ABC DEVELOPMENTAL LEARNING CENTRES (NZ) LIMITED V ARTEMIS EARLY LEARNING LIMITED AND ANOR HC CHCH CIV-2010-409-001198 7 October 2010
[5] Counsel for ABC has referred me to a number of authorities regarding contractual indemnity costs, including ANZ Banking Group (NZ) Ltd v Gibson [1986] 1 NZLR 556; Frater Williams & Co Limited v Australian Guarantee Corporation (NZ) Limited (1994) 2 New Zealand ConvC 191,873; Beecher v Mills [1993] MCLR 19 and Watson & Son Limited v Active Manuka Honey Association [2009] NZCA 595 (CA).

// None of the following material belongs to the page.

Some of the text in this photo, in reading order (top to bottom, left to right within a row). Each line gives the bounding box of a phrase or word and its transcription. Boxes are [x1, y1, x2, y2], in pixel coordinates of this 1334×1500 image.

[6] However, none of these cases are authority for the proposition that a party who is unsuccessful can invoke r 14.6(4)(e). Indeed, on that subject the Court of Appeal in Watson had this to say:
[29] Mr Cooley submitted that if the indemnity were available as Panckhurst J found, then it would mean that the Association would be entitled to indemnity costs in any litigation with Watson arising from the latter’s operations under the licence even if the Association failed in the litigation. The answer to this submission is that recovery by the Association in such circumstances would properly be denied on public policy grounds. It could not ordinarily be appropriate to allow a party who loses litigation to recover its costs from the successful party.

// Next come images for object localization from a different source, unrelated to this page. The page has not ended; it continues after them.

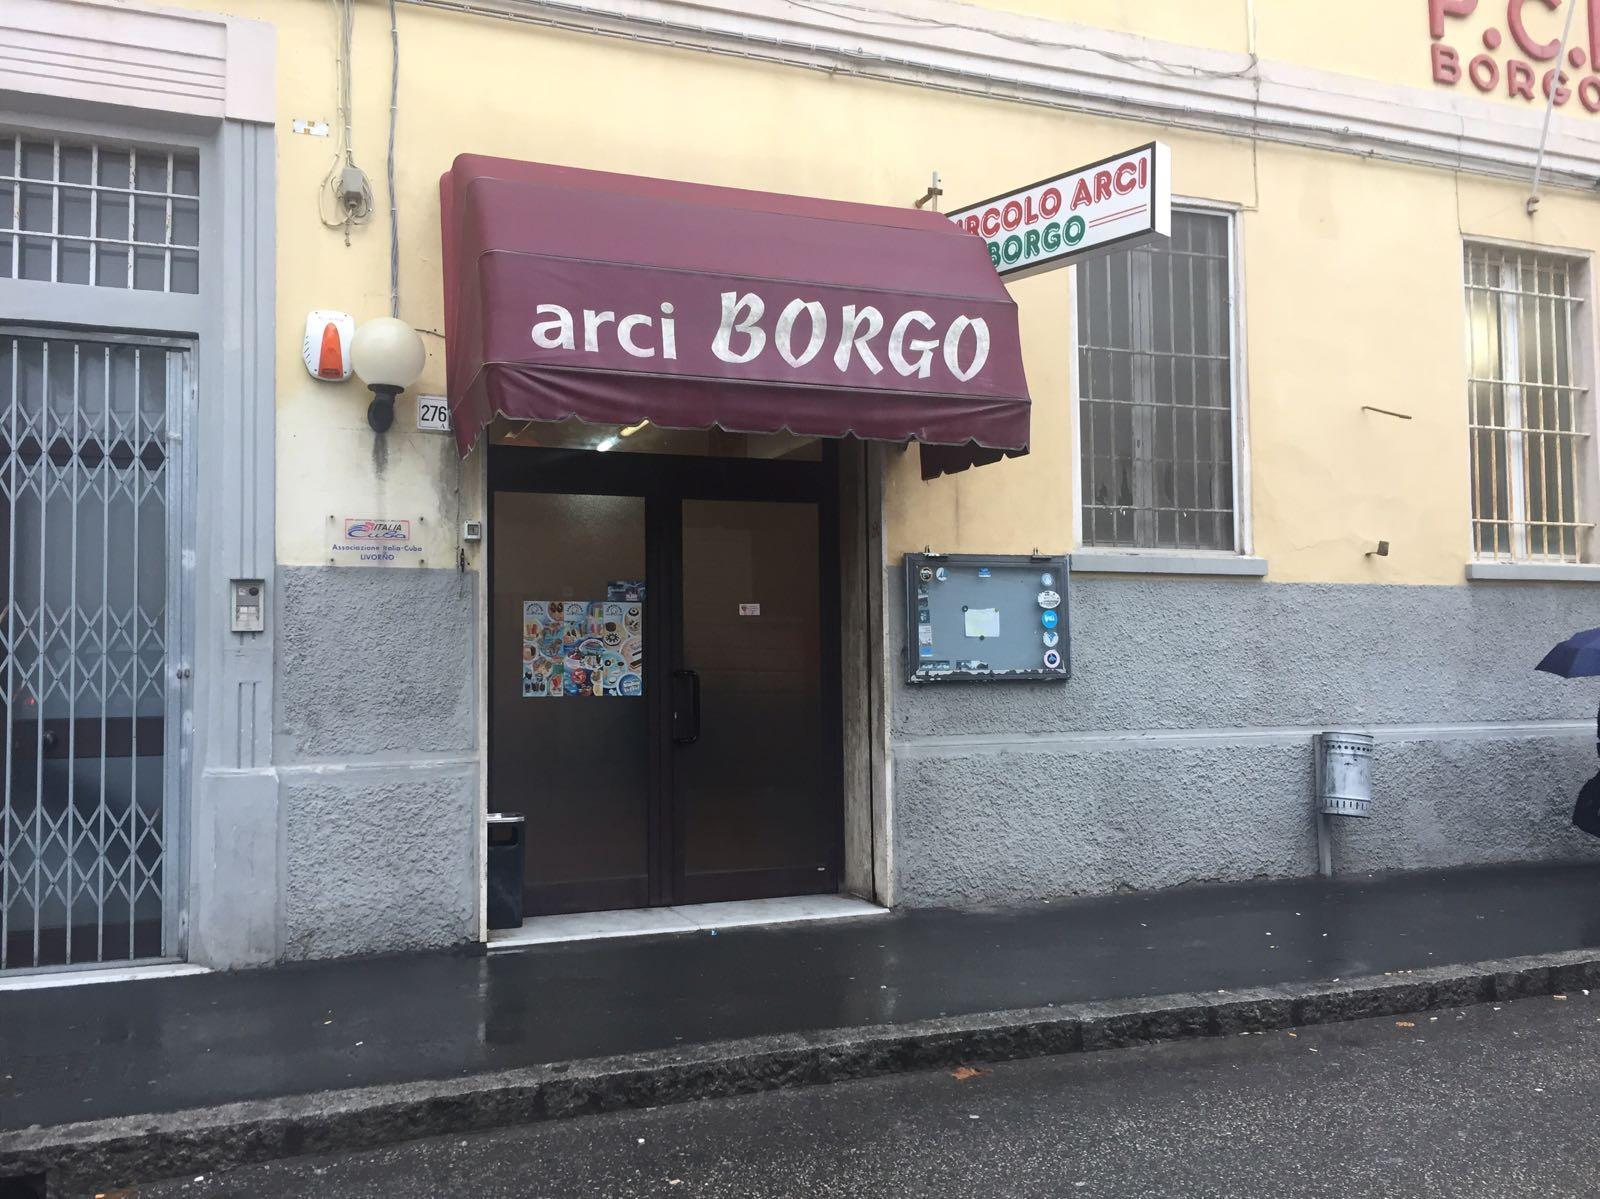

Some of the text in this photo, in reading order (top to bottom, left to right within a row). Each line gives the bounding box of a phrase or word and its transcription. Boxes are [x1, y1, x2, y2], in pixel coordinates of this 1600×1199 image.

[1431, 43, 1600, 112] BORGO
[1070, 157, 1147, 211] ARCI
[987, 215, 1086, 268] BORGO
[531, 291, 991, 382] arci BORGO
[421, 405, 447, 422] 276
[373, 523, 402, 531] ITALIA

[7] The normal rule is that costs should be fixed after an interlocutory application has been determined, and that costs should follow the event: see r 14.8(1) and r
14.2(a). That would mean the defendants were entitled to costs.
[8] The reason for my provisional view to the contrary was that on the face of it ABC’s case appeared strong and the injunction was only declined by a narrow margin.
[9] In those circumstances, I considered the interests of justice were best served by preserving each party’s position on costs until the outcome of the substantive hearing is known.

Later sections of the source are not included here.